En la derrota del amor, fue ella quien vino de ese cielo de al lado a contemplar la dureza de esos días, cuando lo sólido se había derretido y lo monumental se había vuelto deleznable. Llegaba muerto de luchar en la ventisca, con el alma tijereteada por “una mujer que no escuchaba” y aunque me dejaba oir una y otra vez los blues que escribí en otro lugar, bajo una noche iluminada, aborrecía que pasaran ahora tan rápido los días y que en efecto “los ruidos se devuelvan, dando giros hacia atrás”.
Con el tiempo la herida se había ocultado y los compañeros de la generación literaria se perdieron en el tiempo y en las rencillas; los poetas de Piedra se volvieron de Cielo y los de la generación desencantada regresaron al anonimato, pero fueron siempre las presencias que venían una y otra vez en los periódicos, en la radio o en la televisión, para gusto o disgusto de mi abuela quien les reconocía fácilmente– aún envejecidos – en las páginas de esos recorridos mediáticos y que finalmente eran el tema de largas reminiscencias de lo que he contado y de un sinnúmero de eventos más.
La abuela sabía, por ejemplo, la raíz de la torpe enemistad mía con el poeta Juan Manuel Roca.
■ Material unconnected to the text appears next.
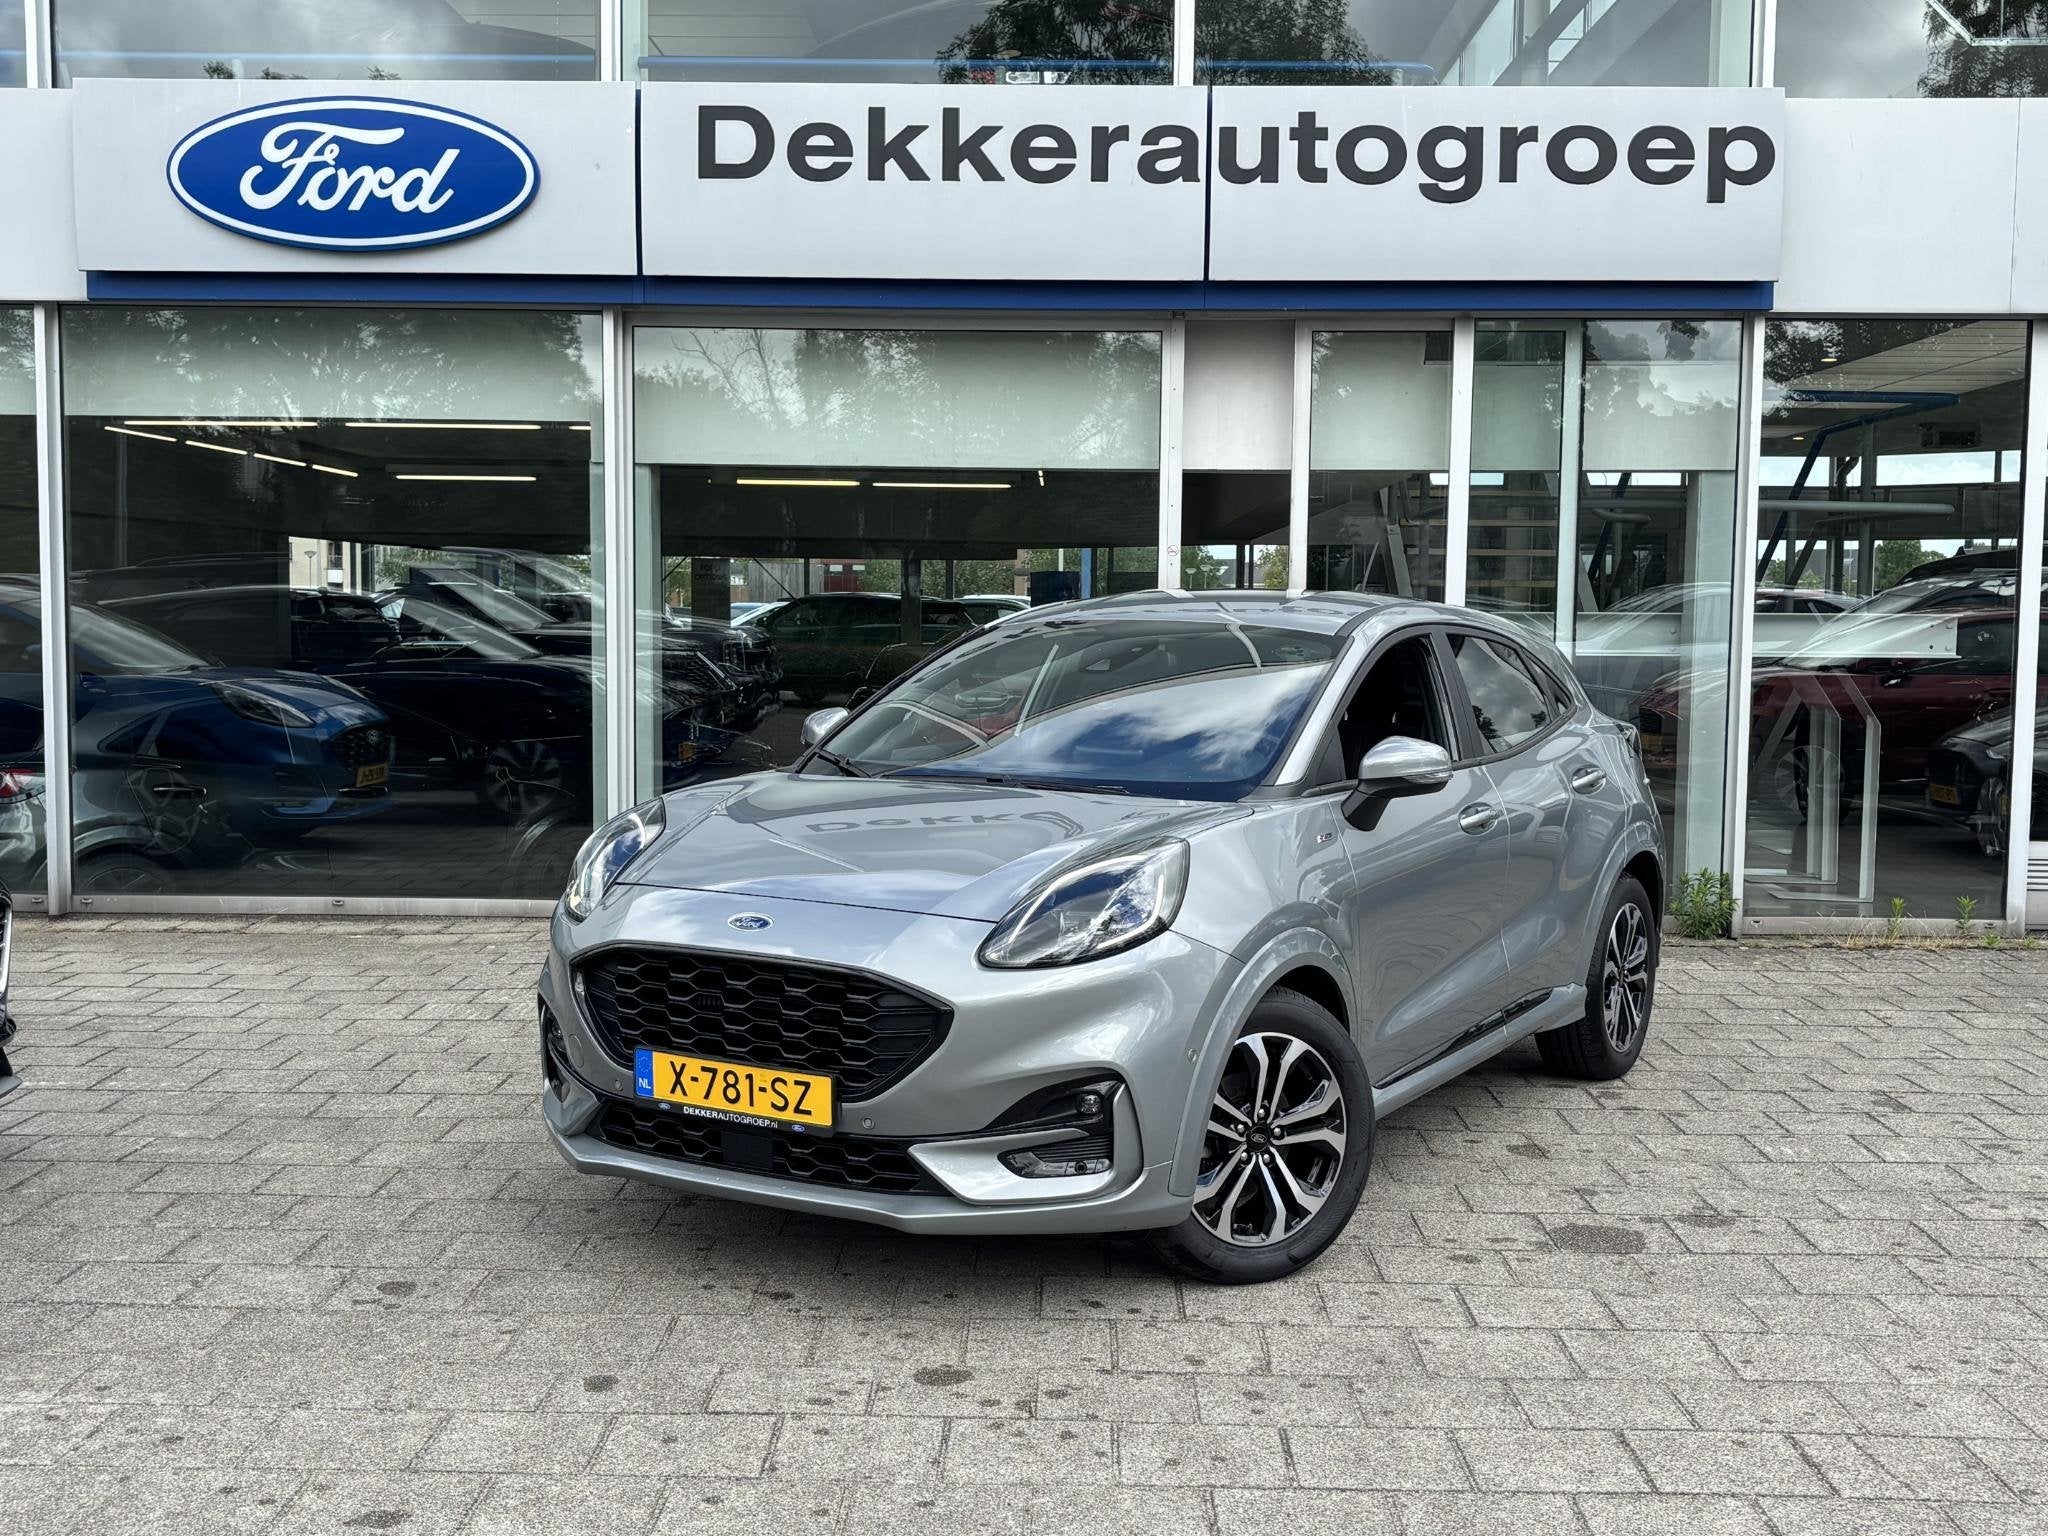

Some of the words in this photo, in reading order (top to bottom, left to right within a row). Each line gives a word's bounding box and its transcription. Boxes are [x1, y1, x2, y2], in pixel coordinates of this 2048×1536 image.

[239, 121, 461, 214] Ford
[698, 105, 1776, 204] Dekkerautogroep
[638, 1077, 651, 1089] NL
[668, 1061, 813, 1116] X-781-SZ
Era justa e imparcial. Todo se debía a un olvido en los créditos de agradecimiento a los presentes, al finalizar el evento de lanzamiento de un número importante de la Revista “Puesto de Combate”. Mi abuela subrayó siempre ese evento; una omisión torpe que el poeta tomó como ofensa personal, alevosa, arrogante y quizá retadora de mi parte, pero que simplemente fue un omisión momentánea por culpa de los spots aturdidores suspendidos en el techo del teatro. No obstante, el poeta nunca perdonó la impertinencia.
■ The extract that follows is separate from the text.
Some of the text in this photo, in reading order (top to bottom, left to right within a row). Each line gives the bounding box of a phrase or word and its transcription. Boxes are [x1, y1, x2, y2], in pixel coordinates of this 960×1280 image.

Sin embargo y también en lectura pública compartida con William Ospina y Federico Díaz-Granados, Juan Manuel Roca espetó el tema de los vampiros – metáfora considerada novedosa en la poesía colombiana por parte del lingüista, crítico literario y también poeta, Oscar Piedrahita González – diciendo que ya él mismo la había usado treinta años atrás, procurando borrar así el balbuceo de mi propuesta poética inicial: la figura del poema – vampiro.
Ospina salió en defensa del joven literato agredido y zanjó lo que se pudo haber convertido en una de las batallas campales que han hecho famoso a Juan Manuel, la Roca en el zapato para más de uno. Mi abuela le tomó entonces un aprecio inusual a Ospina y recientemente lo encontramos en Usaquén, intentando cruzar la carrera séptima, de brazo con dos abuelas y cargando un pastel de Nicolukas. Ella quiso saludarlo, pero era un momento singular y embarazoso, para todos.
Veníamos de alguna de sus consultas médicas en la sede del Hospital Militar de la 119. Nos escapábamos de vez en cuando a tomar un capuchino con croissant, después de alguna de esas interminables perlas del rosario de citas o simplemente dábamos una vuelta en el Ford 96 de mi papá, uno de los hijos más dedicados y abnegados que jamás alguien conociera.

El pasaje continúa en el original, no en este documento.